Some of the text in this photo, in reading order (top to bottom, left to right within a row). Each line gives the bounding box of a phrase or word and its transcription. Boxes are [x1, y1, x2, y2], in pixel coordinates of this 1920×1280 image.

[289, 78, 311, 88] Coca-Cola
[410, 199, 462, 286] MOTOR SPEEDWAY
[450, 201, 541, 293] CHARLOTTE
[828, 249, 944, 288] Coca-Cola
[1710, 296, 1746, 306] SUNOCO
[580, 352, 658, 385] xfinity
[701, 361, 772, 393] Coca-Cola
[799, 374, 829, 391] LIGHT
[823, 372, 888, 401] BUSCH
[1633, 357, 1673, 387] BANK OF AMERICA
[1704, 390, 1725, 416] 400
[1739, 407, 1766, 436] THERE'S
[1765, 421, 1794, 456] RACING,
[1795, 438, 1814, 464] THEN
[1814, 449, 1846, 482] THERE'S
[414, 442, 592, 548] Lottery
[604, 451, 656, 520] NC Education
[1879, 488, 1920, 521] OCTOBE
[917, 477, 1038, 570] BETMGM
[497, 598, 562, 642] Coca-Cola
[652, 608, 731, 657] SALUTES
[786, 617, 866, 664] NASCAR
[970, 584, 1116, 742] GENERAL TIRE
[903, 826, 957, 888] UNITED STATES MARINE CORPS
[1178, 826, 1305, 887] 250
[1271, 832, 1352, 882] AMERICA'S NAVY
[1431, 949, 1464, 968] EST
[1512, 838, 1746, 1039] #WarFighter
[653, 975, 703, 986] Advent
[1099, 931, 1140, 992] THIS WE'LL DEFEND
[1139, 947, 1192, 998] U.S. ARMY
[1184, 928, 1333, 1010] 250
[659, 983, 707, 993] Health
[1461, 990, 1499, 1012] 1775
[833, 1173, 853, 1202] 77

- INSTRUCTIONS FOR THE TASK
Reproduce each entry above exactly, keeping every word.

- EXPECTED OUTPUT
Some of the text in this photo, in reading order (top to bottom, left to right within a row). Each line gives the bounding box of a phrase or word and its transcription. Boxes are [x1, y1, x2, y2], in pixel coordinates of this 1920×1280 image.

[289, 78, 311, 88] Coca-Cola
[410, 199, 462, 286] MOTOR SPEEDWAY
[450, 201, 541, 293] CHARLOTTE
[828, 249, 944, 288] Coca-Cola
[1710, 296, 1746, 306] SUNOCO
[580, 352, 658, 385] xfinity
[701, 361, 772, 393] Coca-Cola
[799, 374, 829, 391] LIGHT
[823, 372, 888, 401] BUSCH
[1633, 357, 1673, 387] BANK OF AMERICA
[1704, 390, 1725, 416] 400
[1739, 407, 1766, 436] THERE'S
[1765, 421, 1794, 456] RACING,
[1795, 438, 1814, 464] THEN
[1814, 449, 1846, 482] THERE'S
[414, 442, 592, 548] Lottery
[604, 451, 656, 520] NC Education
[1879, 488, 1920, 521] OCTOBE
[917, 477, 1038, 570] BETMGM
[497, 598, 562, 642] Coca-Cola
[652, 608, 731, 657] SALUTES
[786, 617, 866, 664] NASCAR
[970, 584, 1116, 742] GENERAL TIRE
[903, 826, 957, 888] UNITED STATES MARINE CORPS
[1178, 826, 1305, 887] 250
[1271, 832, 1352, 882] AMERICA'S NAVY
[1431, 949, 1464, 968] EST
[1512, 838, 1746, 1039] #WarFighter
[653, 975, 703, 986] Advent
[1099, 931, 1140, 992] THIS WE'LL DEFEND
[1139, 947, 1192, 998] U.S. ARMY
[1184, 928, 1333, 1010] 250
[659, 983, 707, 993] Health
[1461, 990, 1499, 1012] 1775
[833, 1173, 853, 1202] 77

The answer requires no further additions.